What you are asked to do
Below are records; reproduce exactly the lines from the one containing "Some of the text" through the end, both included, and only those.

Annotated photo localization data
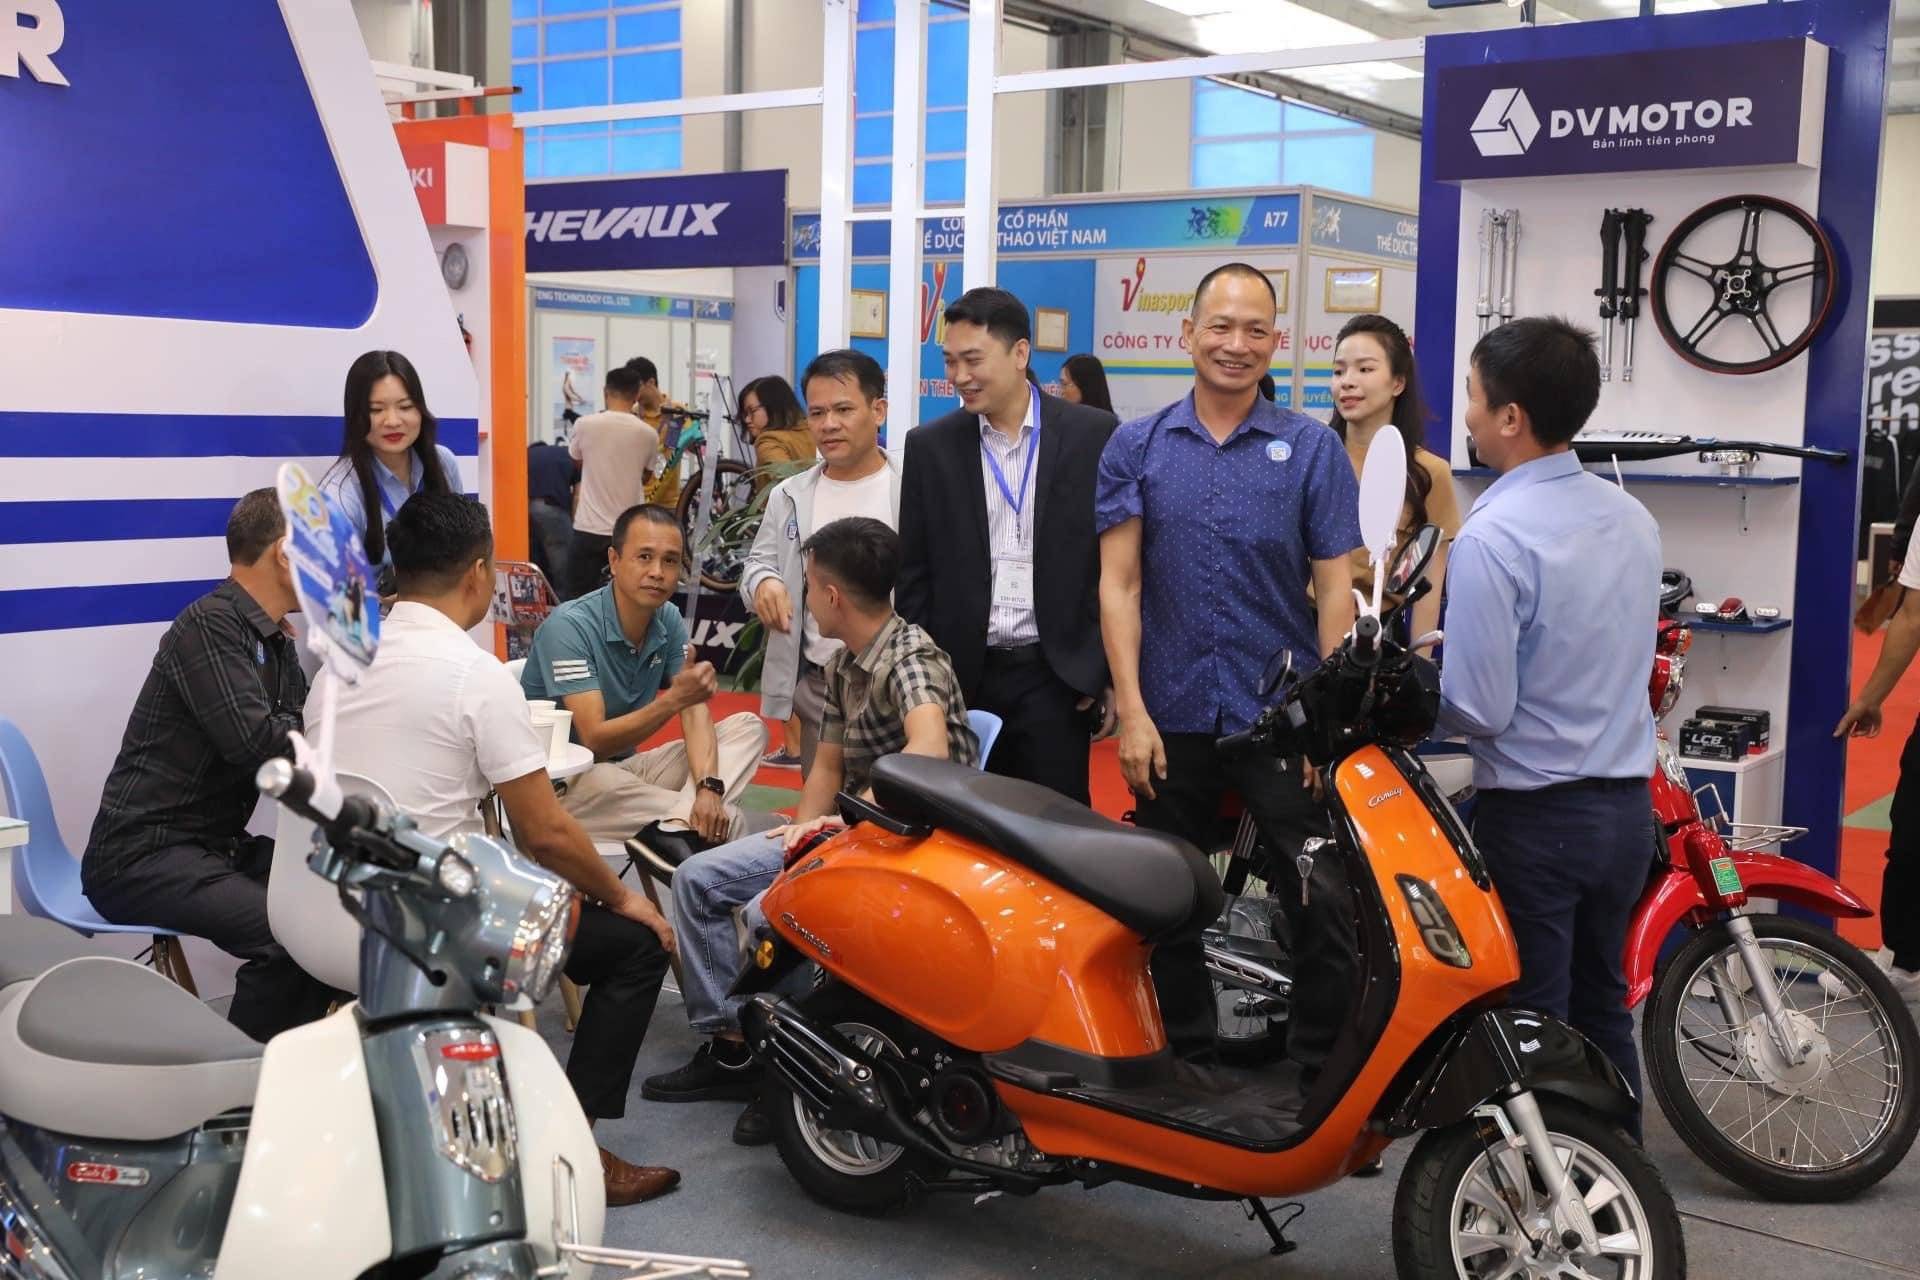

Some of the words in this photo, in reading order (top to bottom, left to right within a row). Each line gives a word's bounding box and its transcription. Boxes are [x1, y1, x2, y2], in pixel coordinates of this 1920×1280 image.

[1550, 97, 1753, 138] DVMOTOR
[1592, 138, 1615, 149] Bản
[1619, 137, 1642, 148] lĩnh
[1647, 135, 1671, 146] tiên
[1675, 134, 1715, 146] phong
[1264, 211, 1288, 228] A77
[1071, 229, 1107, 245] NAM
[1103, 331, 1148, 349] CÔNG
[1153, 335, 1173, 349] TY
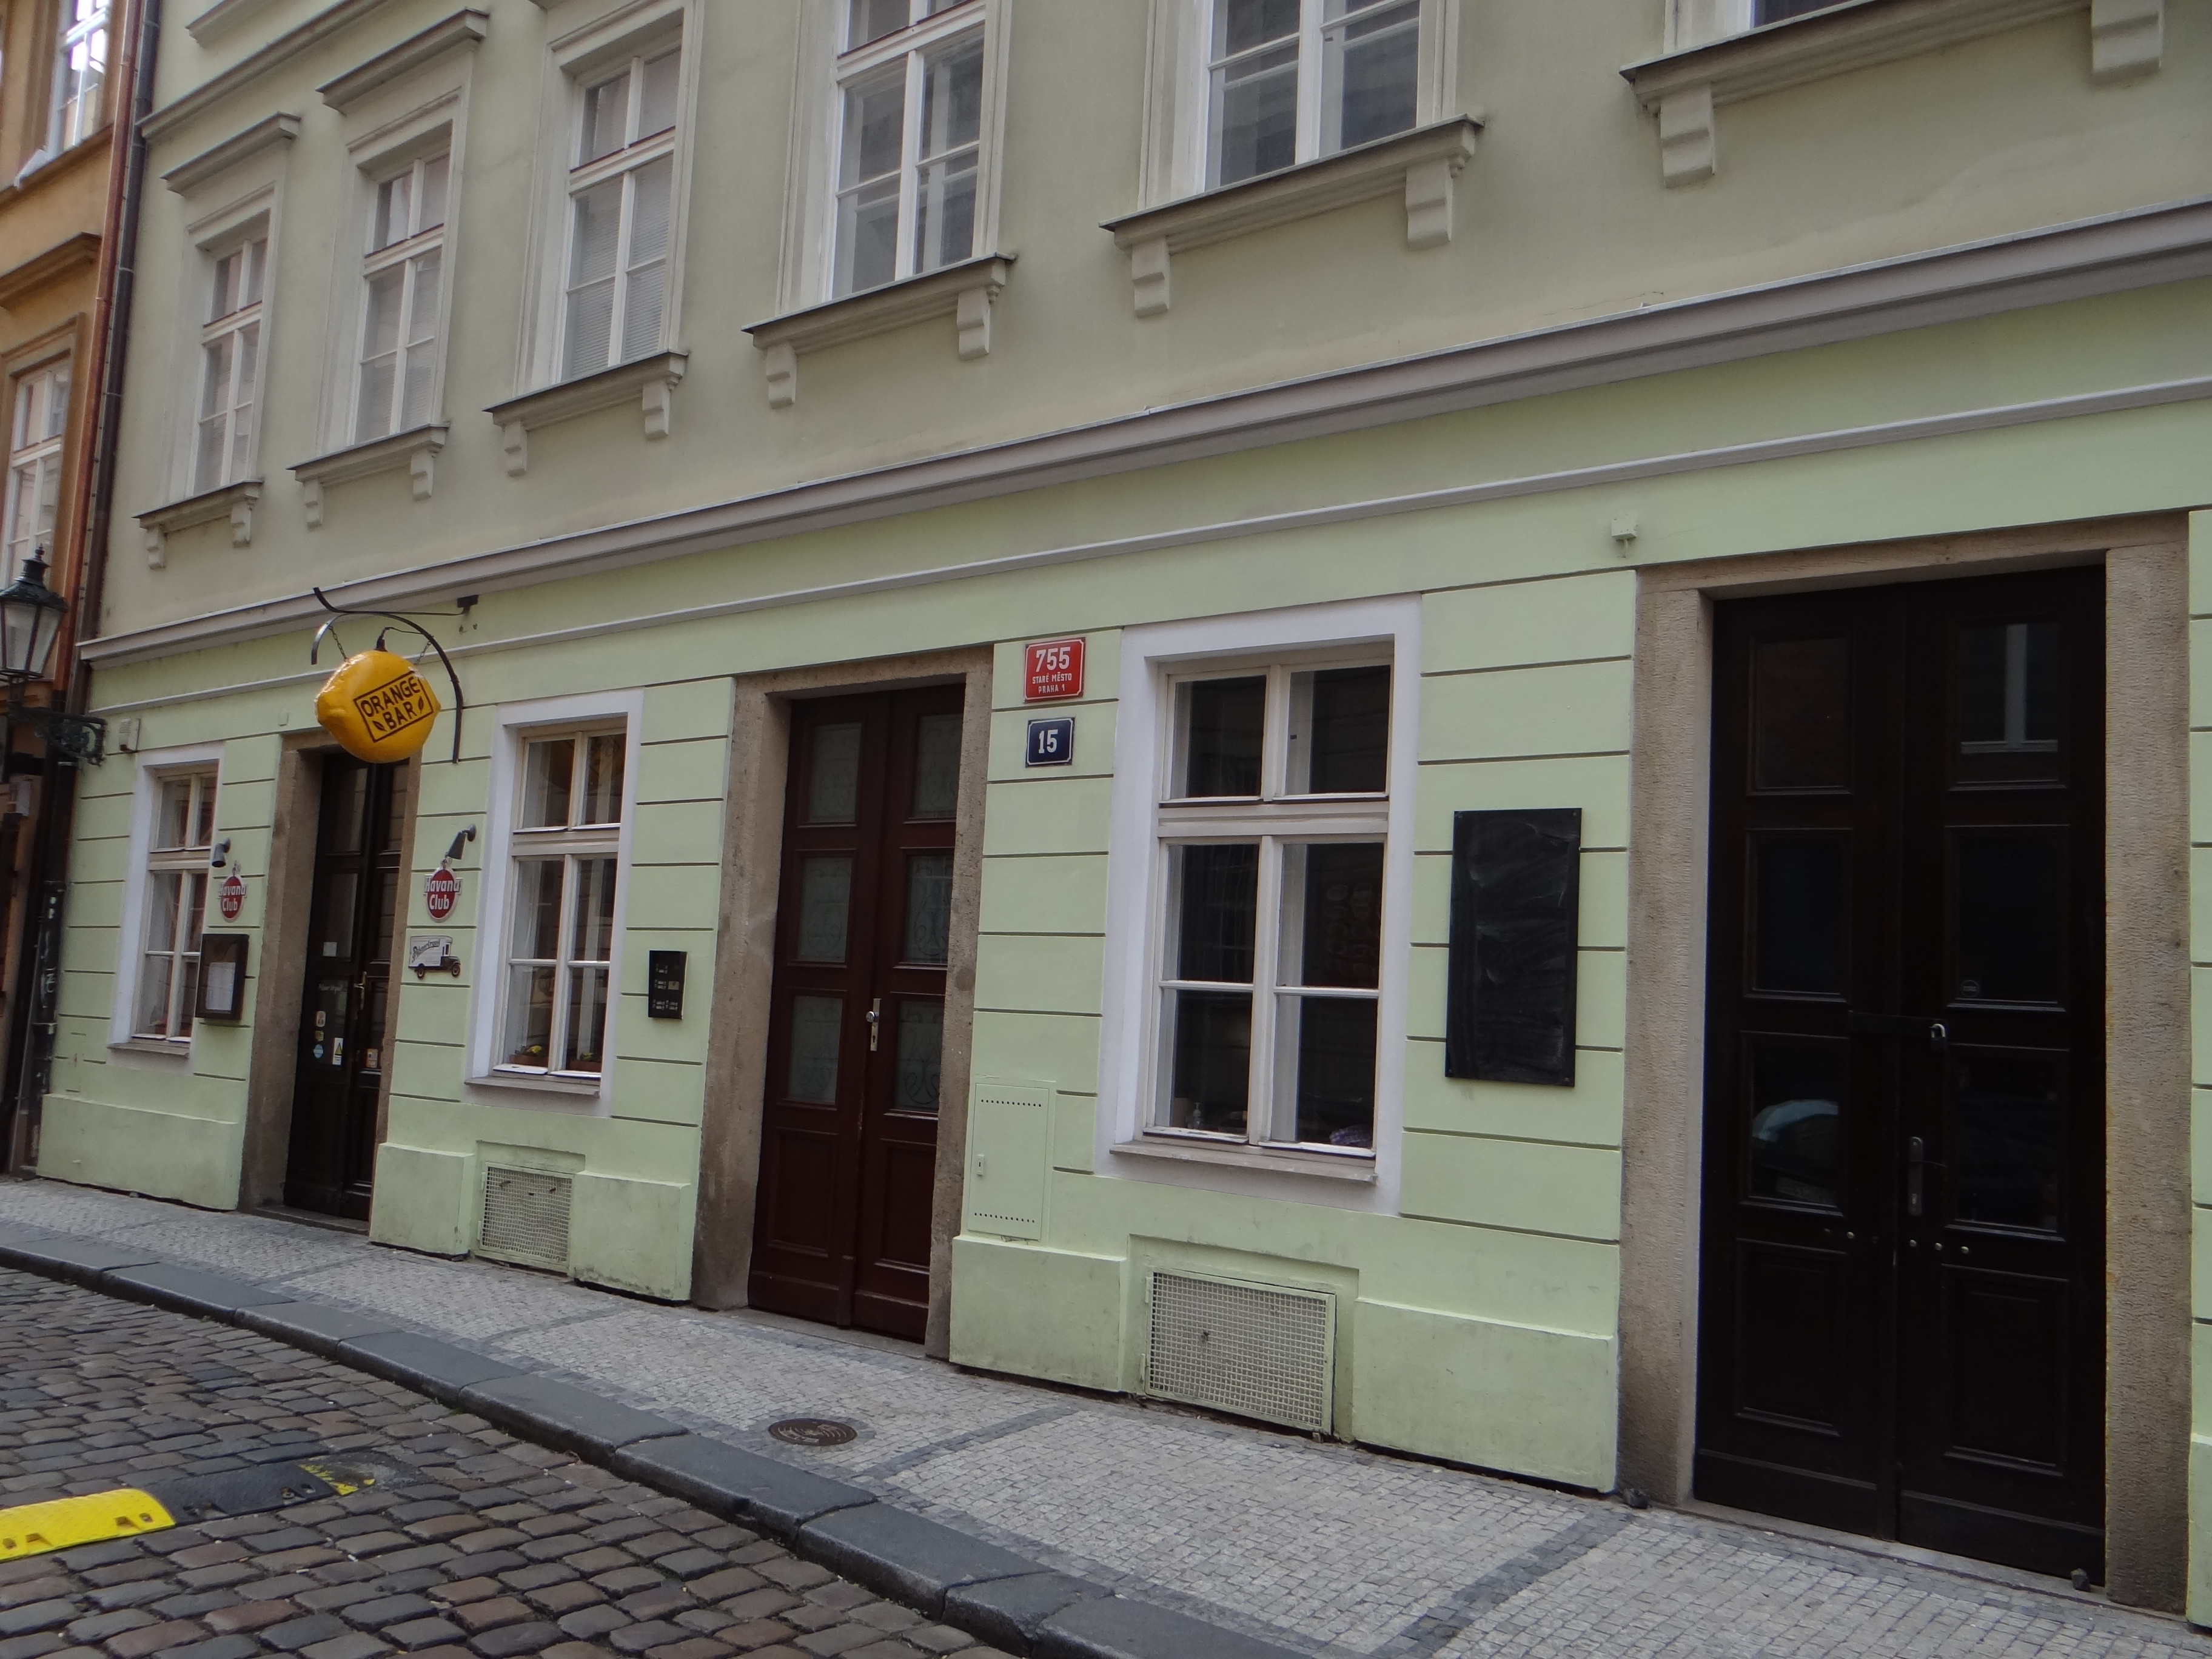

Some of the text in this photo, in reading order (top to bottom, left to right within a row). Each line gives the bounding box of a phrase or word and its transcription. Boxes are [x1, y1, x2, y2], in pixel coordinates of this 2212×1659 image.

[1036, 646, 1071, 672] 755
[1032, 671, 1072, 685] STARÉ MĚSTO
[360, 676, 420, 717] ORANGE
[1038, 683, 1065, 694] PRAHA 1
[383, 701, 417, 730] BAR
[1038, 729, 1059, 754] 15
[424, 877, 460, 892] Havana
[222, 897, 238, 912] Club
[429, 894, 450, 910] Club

Solved exercise
Some of the text in this photo, in reading order (top to bottom, left to right within a row). Each line gives the bounding box of a phrase or word and its transcription. Boxes are [x1, y1, x2, y2], in pixel coordinates of this 2212×1659 image.

[1036, 646, 1071, 672] 755
[1032, 671, 1072, 685] STARÉ MĚSTO
[360, 676, 420, 717] ORANGE
[1038, 683, 1065, 694] PRAHA 1
[383, 701, 417, 730] BAR
[1038, 729, 1059, 754] 15
[424, 877, 460, 892] Havana
[222, 897, 238, 912] Club
[429, 894, 450, 910] Club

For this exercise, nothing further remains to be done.